GOAL OF THE EXERCISE: Output exactly the lines from the one with "this 1280×1707 image." through the last line of the data below, both included, and nothing more.

DATA PROVIDED:

------

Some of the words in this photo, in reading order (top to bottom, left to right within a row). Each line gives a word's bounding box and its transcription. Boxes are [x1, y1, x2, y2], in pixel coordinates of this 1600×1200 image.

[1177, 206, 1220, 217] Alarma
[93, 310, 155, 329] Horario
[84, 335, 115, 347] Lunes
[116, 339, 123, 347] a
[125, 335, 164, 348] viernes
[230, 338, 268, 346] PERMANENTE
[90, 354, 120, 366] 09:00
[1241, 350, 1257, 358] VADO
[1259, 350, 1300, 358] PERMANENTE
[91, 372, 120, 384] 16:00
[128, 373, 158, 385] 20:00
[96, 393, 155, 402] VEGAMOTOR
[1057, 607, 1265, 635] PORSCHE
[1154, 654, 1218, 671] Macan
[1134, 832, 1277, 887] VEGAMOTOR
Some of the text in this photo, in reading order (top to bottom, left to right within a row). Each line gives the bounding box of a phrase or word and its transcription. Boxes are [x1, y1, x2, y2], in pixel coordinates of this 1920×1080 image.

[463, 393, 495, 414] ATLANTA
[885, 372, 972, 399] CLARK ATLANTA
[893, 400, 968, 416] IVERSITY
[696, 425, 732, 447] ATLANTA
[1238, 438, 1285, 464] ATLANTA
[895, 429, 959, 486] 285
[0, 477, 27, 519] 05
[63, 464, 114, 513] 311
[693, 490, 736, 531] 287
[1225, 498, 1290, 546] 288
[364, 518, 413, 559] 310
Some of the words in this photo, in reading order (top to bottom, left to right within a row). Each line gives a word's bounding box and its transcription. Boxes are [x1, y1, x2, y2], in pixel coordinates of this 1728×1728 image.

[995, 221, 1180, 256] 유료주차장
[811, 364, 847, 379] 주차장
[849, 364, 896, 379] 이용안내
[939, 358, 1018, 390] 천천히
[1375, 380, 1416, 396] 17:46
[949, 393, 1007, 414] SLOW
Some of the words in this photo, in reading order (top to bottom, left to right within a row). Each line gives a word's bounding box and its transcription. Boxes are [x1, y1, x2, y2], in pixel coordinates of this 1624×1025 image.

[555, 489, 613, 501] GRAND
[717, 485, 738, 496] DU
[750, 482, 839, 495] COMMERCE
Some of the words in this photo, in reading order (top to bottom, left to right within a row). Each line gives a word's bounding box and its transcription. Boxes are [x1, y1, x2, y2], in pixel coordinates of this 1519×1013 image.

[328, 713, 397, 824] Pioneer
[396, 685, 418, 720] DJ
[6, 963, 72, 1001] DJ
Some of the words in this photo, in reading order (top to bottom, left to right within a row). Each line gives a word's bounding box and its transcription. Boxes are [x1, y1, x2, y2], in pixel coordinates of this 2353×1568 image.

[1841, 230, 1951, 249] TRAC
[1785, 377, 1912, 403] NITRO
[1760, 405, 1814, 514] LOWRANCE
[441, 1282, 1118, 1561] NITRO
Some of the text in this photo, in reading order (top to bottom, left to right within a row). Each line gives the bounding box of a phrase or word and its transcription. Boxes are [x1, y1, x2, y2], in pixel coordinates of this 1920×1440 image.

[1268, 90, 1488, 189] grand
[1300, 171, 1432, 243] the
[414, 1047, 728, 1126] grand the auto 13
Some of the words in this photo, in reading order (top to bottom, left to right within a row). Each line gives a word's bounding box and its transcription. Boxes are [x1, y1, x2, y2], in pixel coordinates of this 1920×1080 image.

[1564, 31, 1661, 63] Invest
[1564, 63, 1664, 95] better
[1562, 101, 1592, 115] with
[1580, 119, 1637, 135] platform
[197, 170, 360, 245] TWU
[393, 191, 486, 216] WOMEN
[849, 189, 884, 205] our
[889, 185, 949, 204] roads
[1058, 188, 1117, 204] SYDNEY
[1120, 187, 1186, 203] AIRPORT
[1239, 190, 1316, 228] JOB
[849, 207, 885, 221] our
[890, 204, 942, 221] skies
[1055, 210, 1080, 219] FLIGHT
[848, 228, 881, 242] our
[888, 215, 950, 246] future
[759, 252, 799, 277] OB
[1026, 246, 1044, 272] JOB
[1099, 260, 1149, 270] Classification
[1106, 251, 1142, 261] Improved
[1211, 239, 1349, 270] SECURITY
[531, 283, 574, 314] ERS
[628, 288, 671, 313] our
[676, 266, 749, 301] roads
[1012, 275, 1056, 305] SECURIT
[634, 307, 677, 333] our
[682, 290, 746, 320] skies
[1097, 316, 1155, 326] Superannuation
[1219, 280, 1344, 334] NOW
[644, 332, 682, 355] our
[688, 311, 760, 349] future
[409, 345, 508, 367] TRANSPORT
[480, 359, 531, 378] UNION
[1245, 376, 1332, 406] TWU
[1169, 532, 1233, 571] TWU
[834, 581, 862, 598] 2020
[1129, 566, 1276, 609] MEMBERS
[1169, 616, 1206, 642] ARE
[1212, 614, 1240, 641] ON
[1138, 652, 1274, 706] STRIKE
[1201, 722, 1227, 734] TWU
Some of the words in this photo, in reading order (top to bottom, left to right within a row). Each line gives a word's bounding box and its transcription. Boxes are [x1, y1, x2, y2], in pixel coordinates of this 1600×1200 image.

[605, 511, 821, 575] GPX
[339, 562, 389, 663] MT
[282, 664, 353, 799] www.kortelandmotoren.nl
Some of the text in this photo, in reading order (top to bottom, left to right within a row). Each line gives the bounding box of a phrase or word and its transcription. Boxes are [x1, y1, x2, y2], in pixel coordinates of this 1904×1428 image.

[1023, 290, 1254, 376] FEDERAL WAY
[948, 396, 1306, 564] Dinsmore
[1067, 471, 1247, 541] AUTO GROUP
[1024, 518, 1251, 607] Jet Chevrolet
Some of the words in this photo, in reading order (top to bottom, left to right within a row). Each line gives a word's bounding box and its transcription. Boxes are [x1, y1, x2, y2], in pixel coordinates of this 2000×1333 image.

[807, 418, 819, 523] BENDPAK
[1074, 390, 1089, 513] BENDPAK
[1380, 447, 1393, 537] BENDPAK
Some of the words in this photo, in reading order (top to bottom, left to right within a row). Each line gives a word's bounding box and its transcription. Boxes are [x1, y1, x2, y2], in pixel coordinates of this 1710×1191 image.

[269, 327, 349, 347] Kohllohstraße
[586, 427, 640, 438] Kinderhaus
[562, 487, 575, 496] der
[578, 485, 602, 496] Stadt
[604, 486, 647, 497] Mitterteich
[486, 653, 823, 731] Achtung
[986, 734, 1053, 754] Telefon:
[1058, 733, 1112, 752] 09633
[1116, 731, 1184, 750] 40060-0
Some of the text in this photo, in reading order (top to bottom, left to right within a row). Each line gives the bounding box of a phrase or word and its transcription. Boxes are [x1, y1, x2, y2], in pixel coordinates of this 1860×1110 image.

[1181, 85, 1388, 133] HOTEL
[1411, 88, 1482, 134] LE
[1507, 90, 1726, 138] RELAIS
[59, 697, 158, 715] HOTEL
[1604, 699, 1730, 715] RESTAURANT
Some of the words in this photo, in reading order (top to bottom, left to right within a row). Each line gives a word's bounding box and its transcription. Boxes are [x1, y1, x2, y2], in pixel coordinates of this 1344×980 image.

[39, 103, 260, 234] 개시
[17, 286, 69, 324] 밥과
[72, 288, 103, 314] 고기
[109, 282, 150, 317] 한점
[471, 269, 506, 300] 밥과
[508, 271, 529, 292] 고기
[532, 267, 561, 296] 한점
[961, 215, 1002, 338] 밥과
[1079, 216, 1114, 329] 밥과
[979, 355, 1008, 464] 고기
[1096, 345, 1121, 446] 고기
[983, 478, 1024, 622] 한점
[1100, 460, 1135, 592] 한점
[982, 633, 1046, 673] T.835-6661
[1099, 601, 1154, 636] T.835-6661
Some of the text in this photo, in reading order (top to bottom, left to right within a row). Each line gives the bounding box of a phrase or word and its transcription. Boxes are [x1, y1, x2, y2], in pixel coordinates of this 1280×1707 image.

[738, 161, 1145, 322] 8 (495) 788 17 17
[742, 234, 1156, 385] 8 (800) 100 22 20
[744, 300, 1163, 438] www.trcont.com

------

WRITTEN REPLY:
Some of the text in this photo, in reading order (top to bottom, left to right within a row). Each line gives the bounding box of a phrase or word and its transcription. Boxes are [x1, y1, x2, y2], in pixel coordinates of this 1280×1707 image.

[738, 161, 1145, 322] 8 (495) 788 17 17
[742, 234, 1156, 385] 8 (800) 100 22 20
[744, 300, 1163, 438] www.trcont.com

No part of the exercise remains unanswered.